When I see comedians indulge in that, where they’re giving a life lesson talk, I want to tell them, “No one came here for this. You are there to be funny.” I want people who don’t come to comedy for emotion to be moved, but to do that I have to be very sparing in those moments and sneak the emotions in underneath. My suicide jokes have feelings underneath but they’re funny first, and that’s what you bought tickets to.
Is it the same with jokes about political and social issues?
Yes. You can lose your fan base who might be influenced by your work by harping on them too much. There’s a good comedian whose thesis in his show was “Men, we need to do better.” We don’t deserve points for being right. I don’t need to pay money and you don’t need to be lit and mic’d for an hour on that thesis.
I was in South Carolina when I said, “Brittney Griner was released from the Russian prison today” as a set-up to a joke.

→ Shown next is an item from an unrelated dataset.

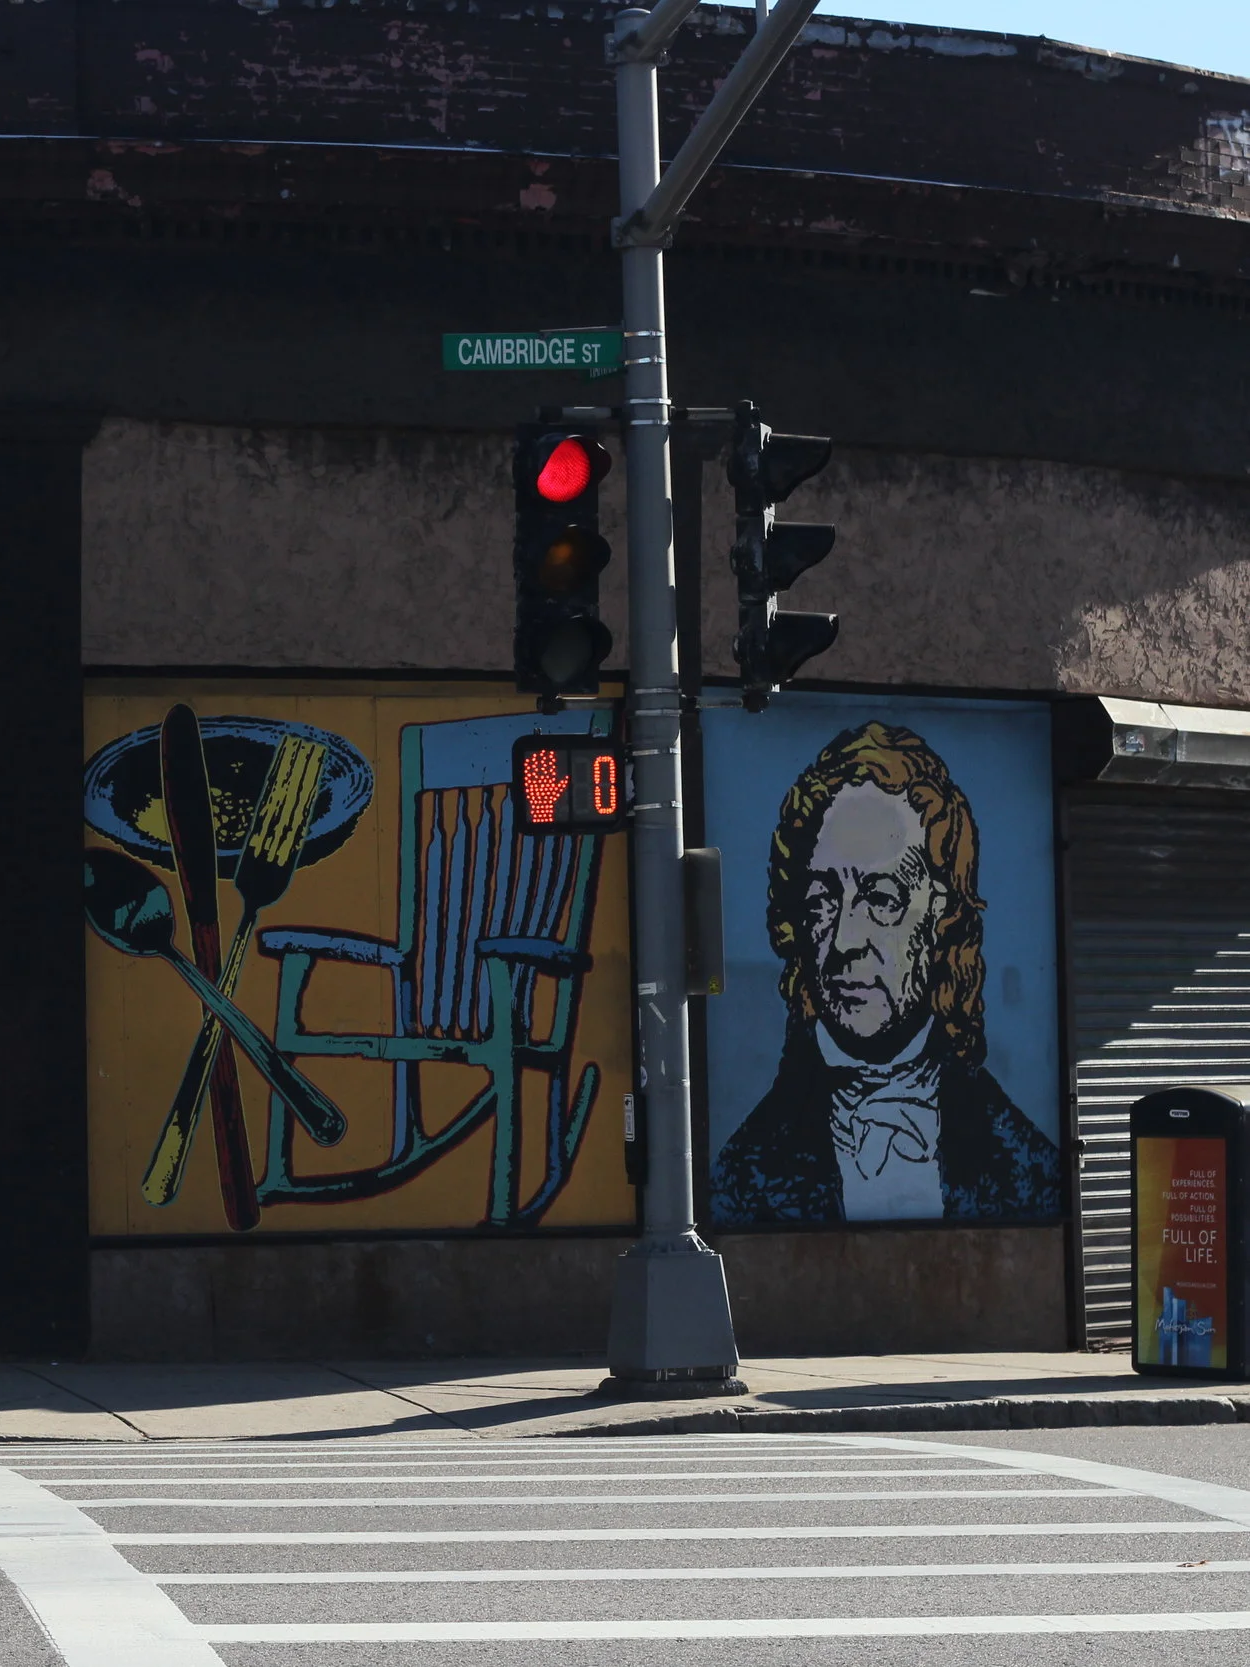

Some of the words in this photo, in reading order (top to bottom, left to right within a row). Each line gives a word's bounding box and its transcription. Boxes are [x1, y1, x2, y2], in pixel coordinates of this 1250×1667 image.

Some guy booed. Instead of being funny, I said, “I actually think it’s good when Americans are released from foreign prisons.”
But why do that? I was preaching. I didn’t convince that guy to challenge his notions of who he doesn’t respect because of internal biases. You can achieve things with what you say, but if funny is not at the front audiences are going to feel betrayed.
Sometimes I want to come at the joke from the bad point of view or the good point of view for the wrong reasons. I had one joke about how I ran into my old college roommate and found that they’d recently transitioned, and I was thrilled because I had forgotten their name. I like that because you wonder, “Is that a pro-trans joke?”
Were you wary of doing that bit about Israel and Gaza?
I saw people who were not speaking honestly or looking through a black-and-white lens about what was happening there, and that fueled my desire to write that. But there’s a safety in being Jewish when I make that joke so I won’t be accused of antisemitism.
I can be righteous, but the punchline has to be subversive. I’m proud of those jokes because I felt like even though I am expressing a point of view I think the joke itself supersedes it.